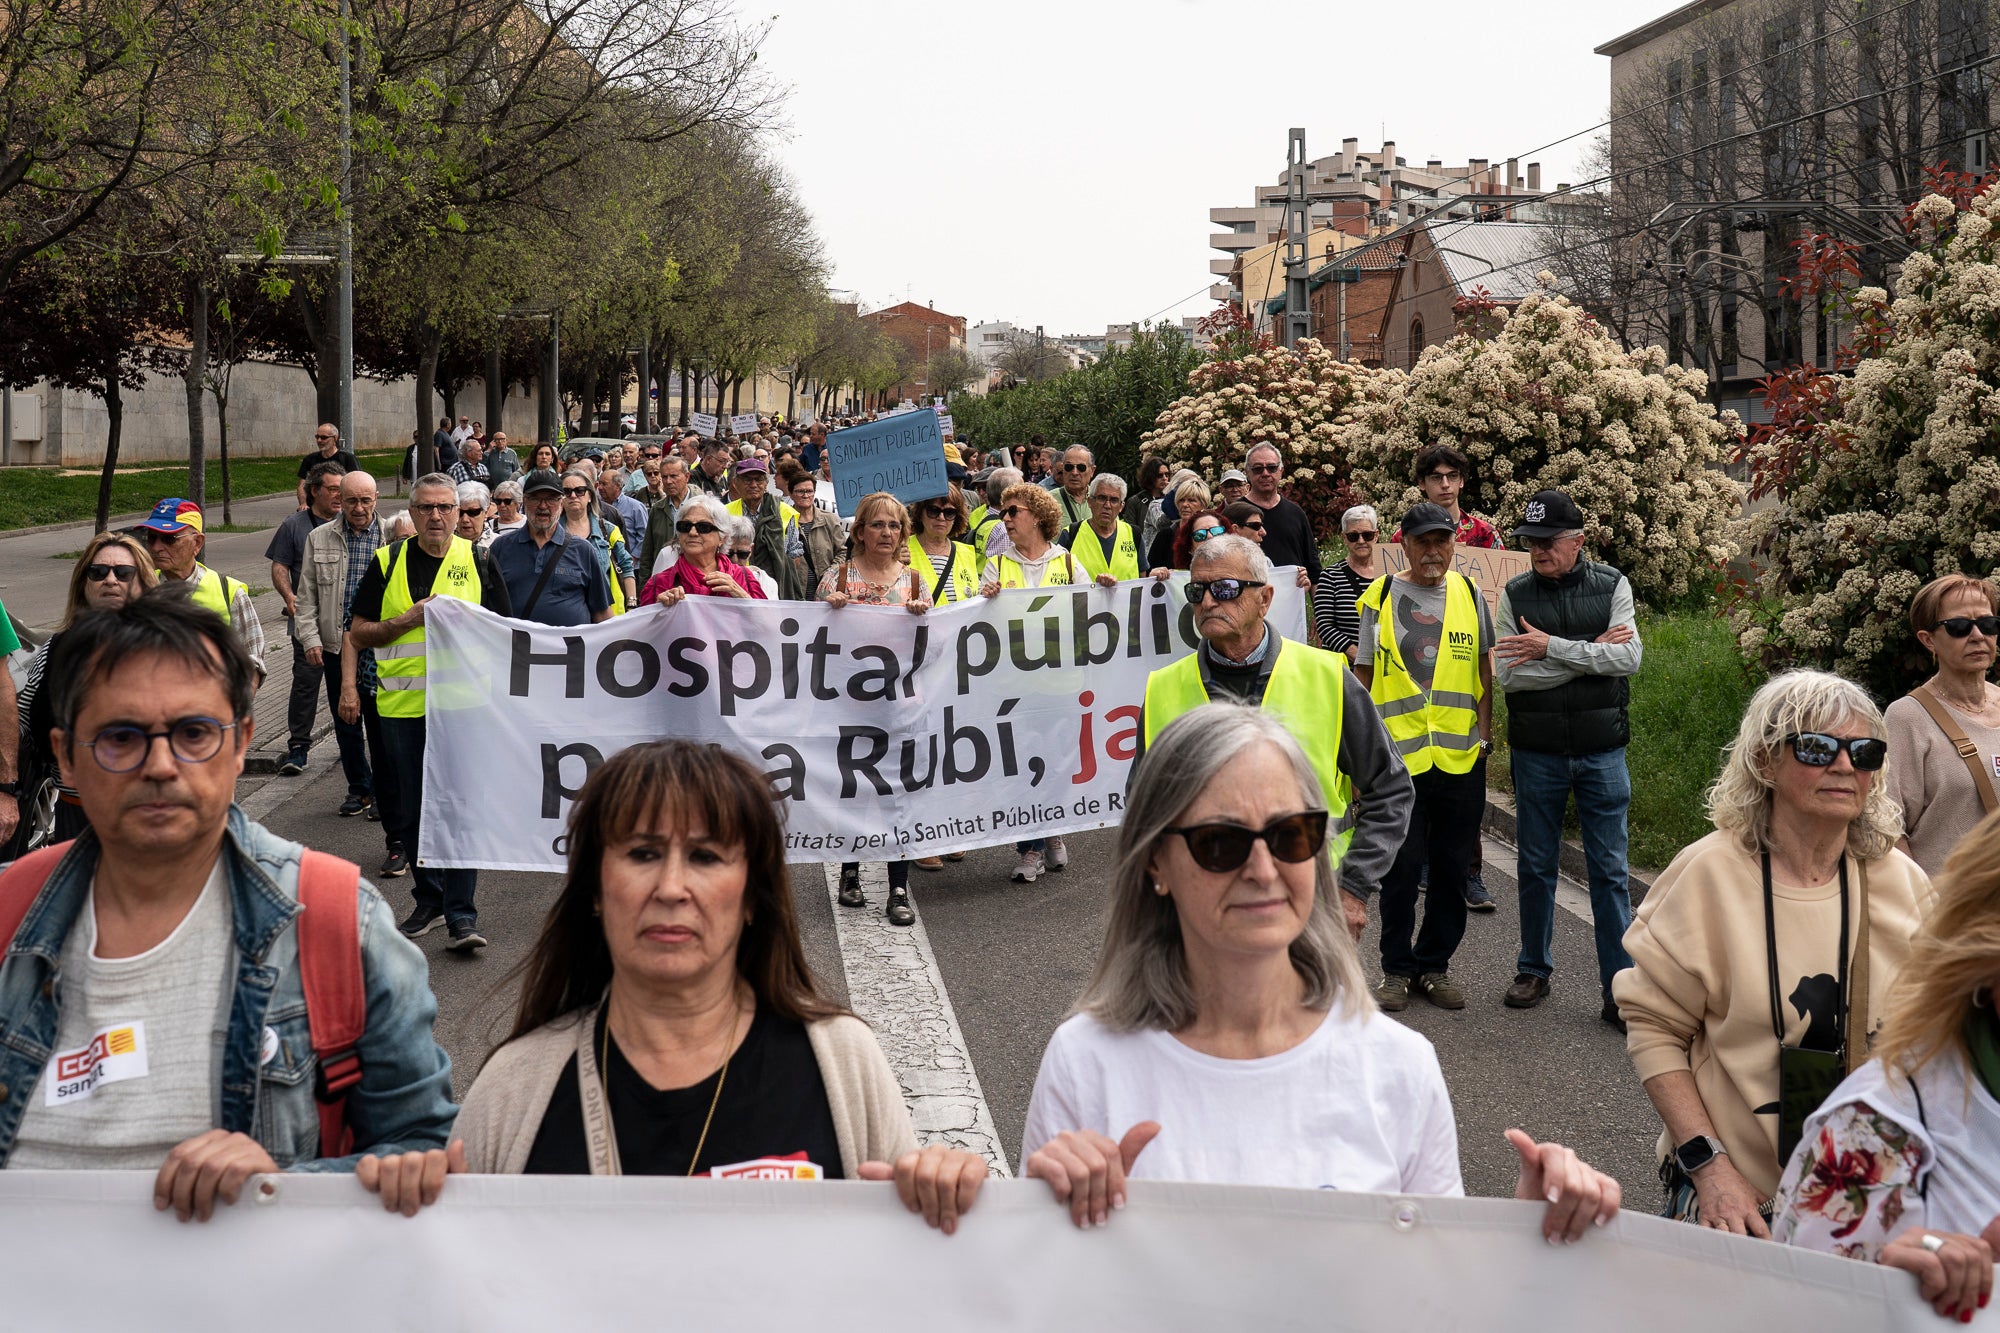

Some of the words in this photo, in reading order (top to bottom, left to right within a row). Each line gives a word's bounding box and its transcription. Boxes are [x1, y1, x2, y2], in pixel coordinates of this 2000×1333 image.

[834, 436, 880, 465] SANITAT
[885, 425, 937, 452] PUBLICA
[873, 458, 940, 492] QUALITAT
[1448, 631, 1474, 646] MPD
[509, 617, 929, 716] Hospital
[761, 742, 806, 801] a
[837, 697, 1046, 801] Rubí,
[785, 832, 844, 850] titats
[851, 833, 888, 853] per
[894, 826, 910, 845] la
[915, 814, 985, 843] Sanitat
[992, 803, 1065, 830] Pública
[1073, 796, 1101, 816] de
[57, 1063, 105, 1098] sant
[585, 1087, 608, 1168] KIPLING
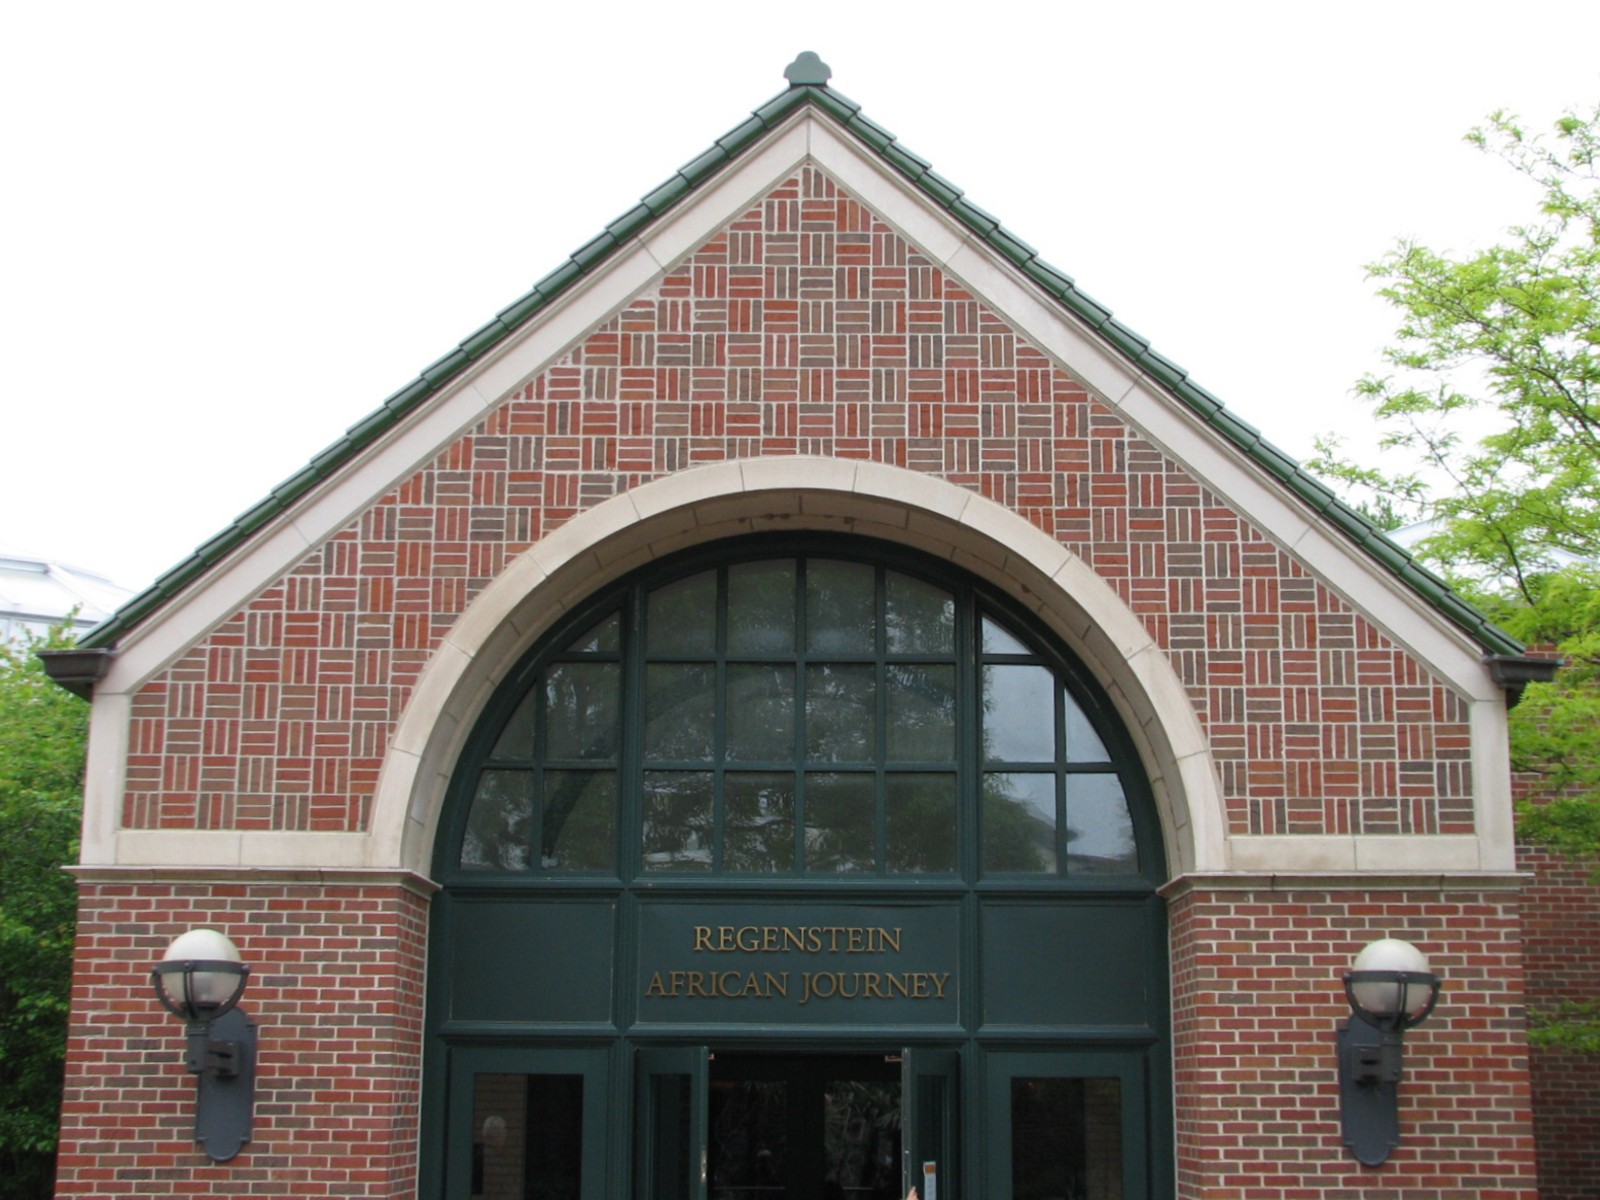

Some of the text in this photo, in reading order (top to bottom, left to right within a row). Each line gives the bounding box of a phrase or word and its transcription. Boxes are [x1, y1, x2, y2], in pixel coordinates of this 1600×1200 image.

[693, 926, 903, 953] REGENSTEIN
[645, 971, 951, 1004] AFRICAN JOURNEY
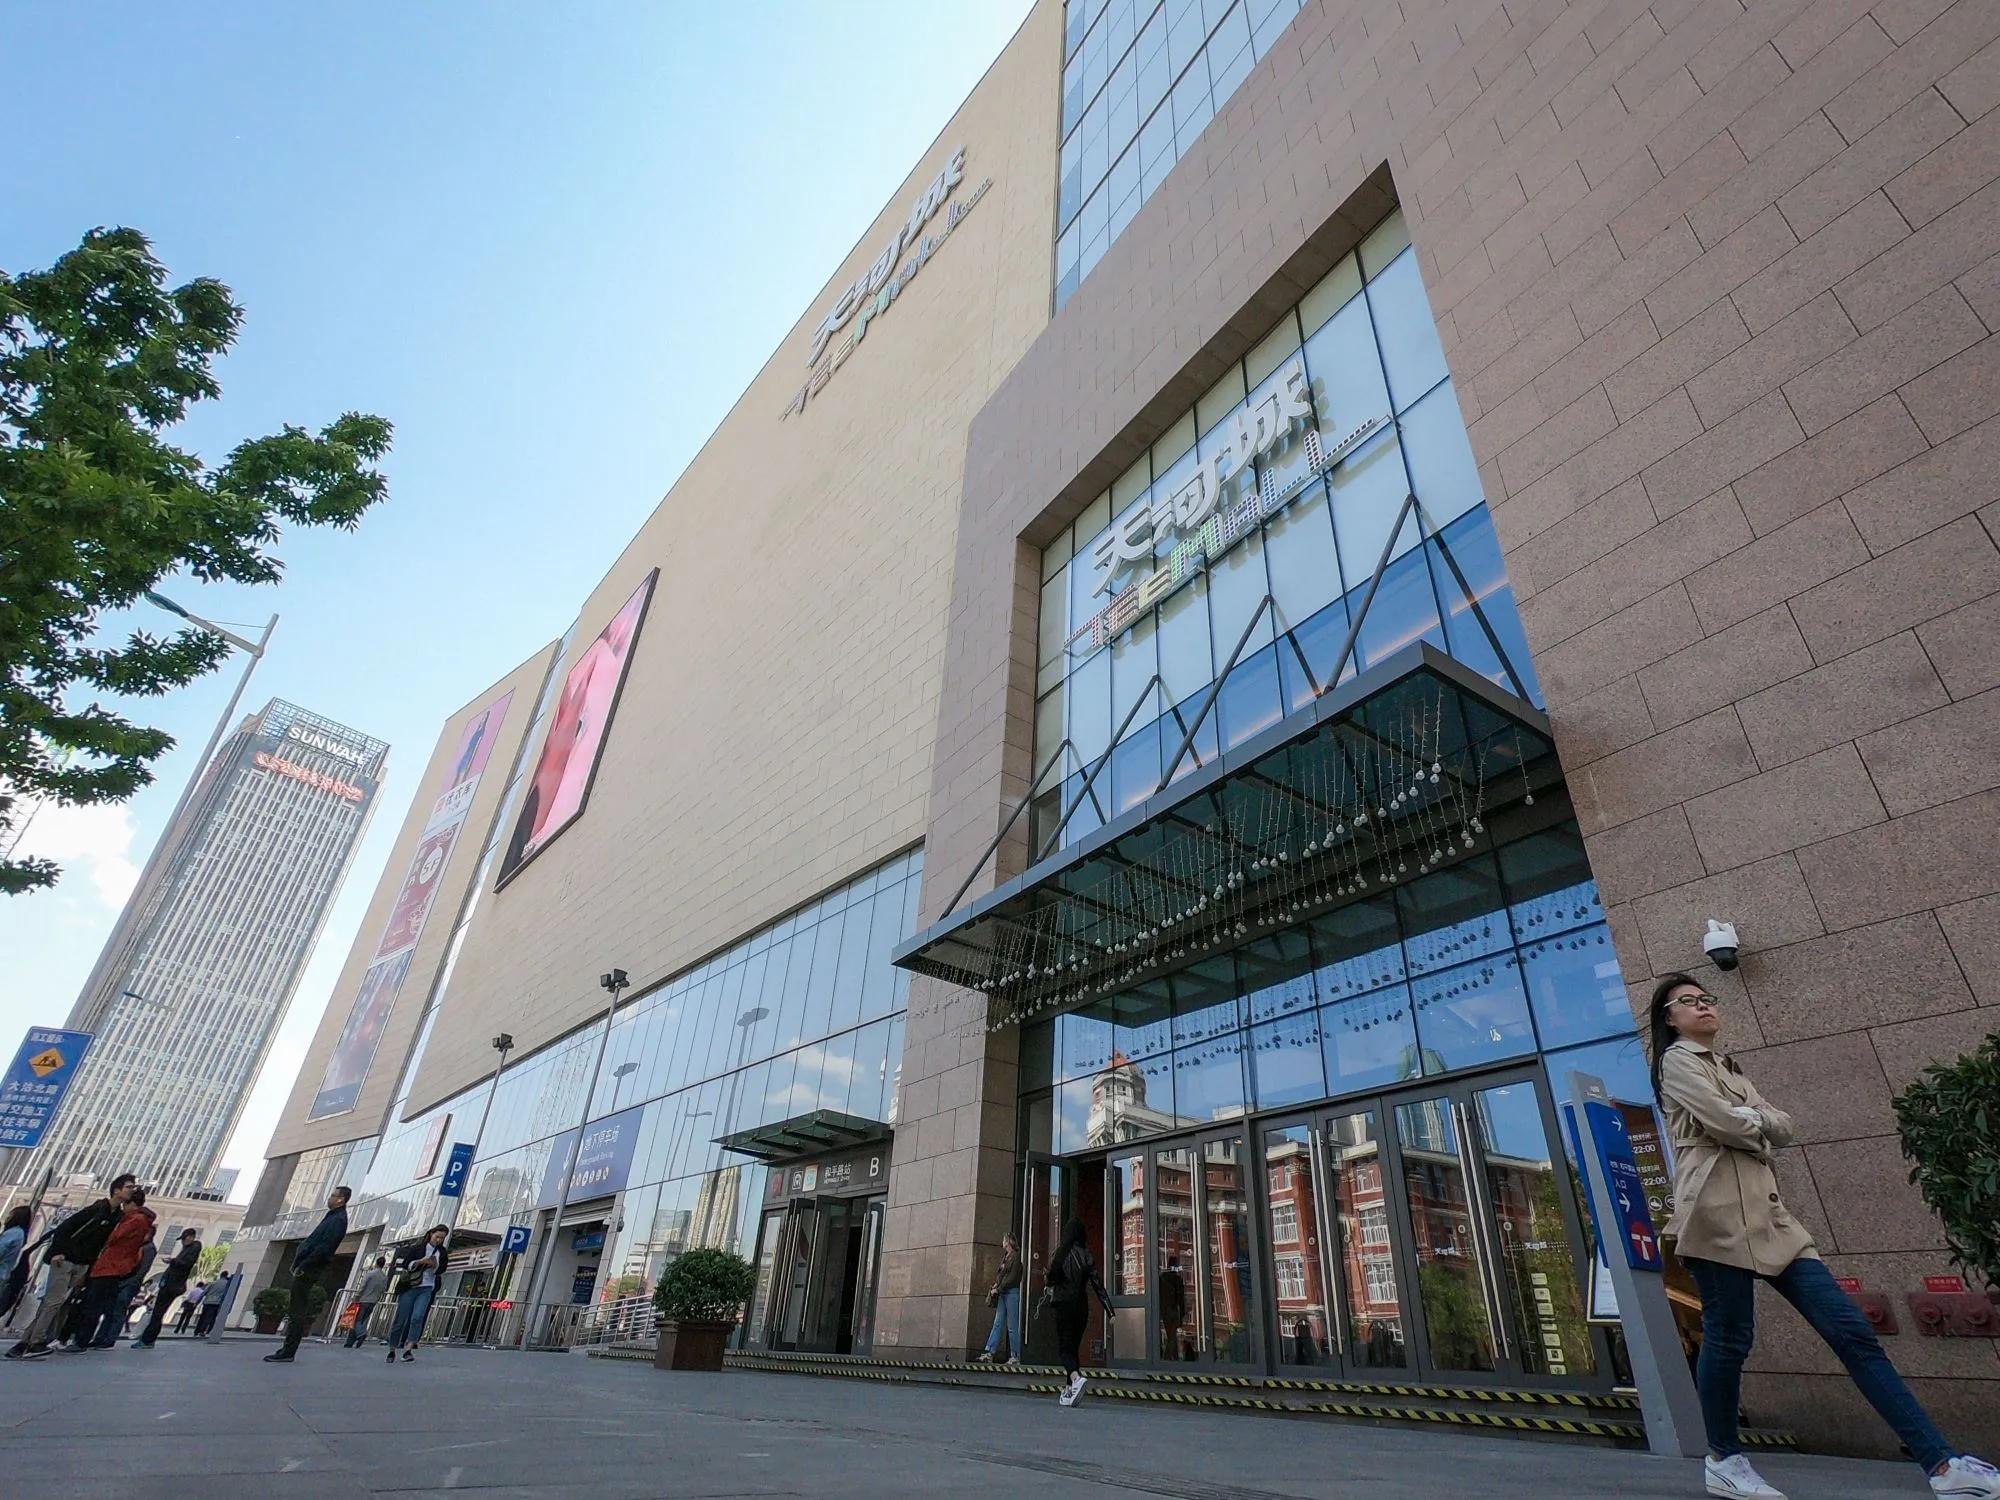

* **INSTRUCTIONS TO FOLLOW**
For this exercise, return every entry verbatim and omit all pictures.

* **TASK SOLUTION**
Some of the words in this photo, in reading order (top to bottom, left to right within a row). Each line gives a word's bounding box and its transcription. Boxes are [x1, y1, x2, y2], in pixel coordinates of this 2000×1333 image.

[834, 436, 880, 465] SANITAT
[885, 425, 937, 452] PUBLICA
[873, 458, 940, 492] QUALITAT
[1448, 631, 1474, 646] MPD
[509, 617, 929, 716] Hospital
[761, 742, 806, 801] a
[837, 697, 1046, 801] Rubí,
[785, 832, 844, 850] titats
[851, 833, 888, 853] per
[894, 826, 910, 845] la
[915, 814, 985, 843] Sanitat
[992, 803, 1065, 830] Pública
[1073, 796, 1101, 816] de
[57, 1063, 105, 1098] sant
[585, 1087, 608, 1168] KIPLING

Some of the text in this photo, in reading order (top to bottom, left to right within a row). Each line gives the bounding box of a phrase or word and its transcription. Boxes are [x1, y1, x2, y2], in pixel coordinates of this 1600×1200 image.

[693, 926, 903, 953] REGENSTEIN
[645, 971, 951, 1004] AFRICAN JOURNEY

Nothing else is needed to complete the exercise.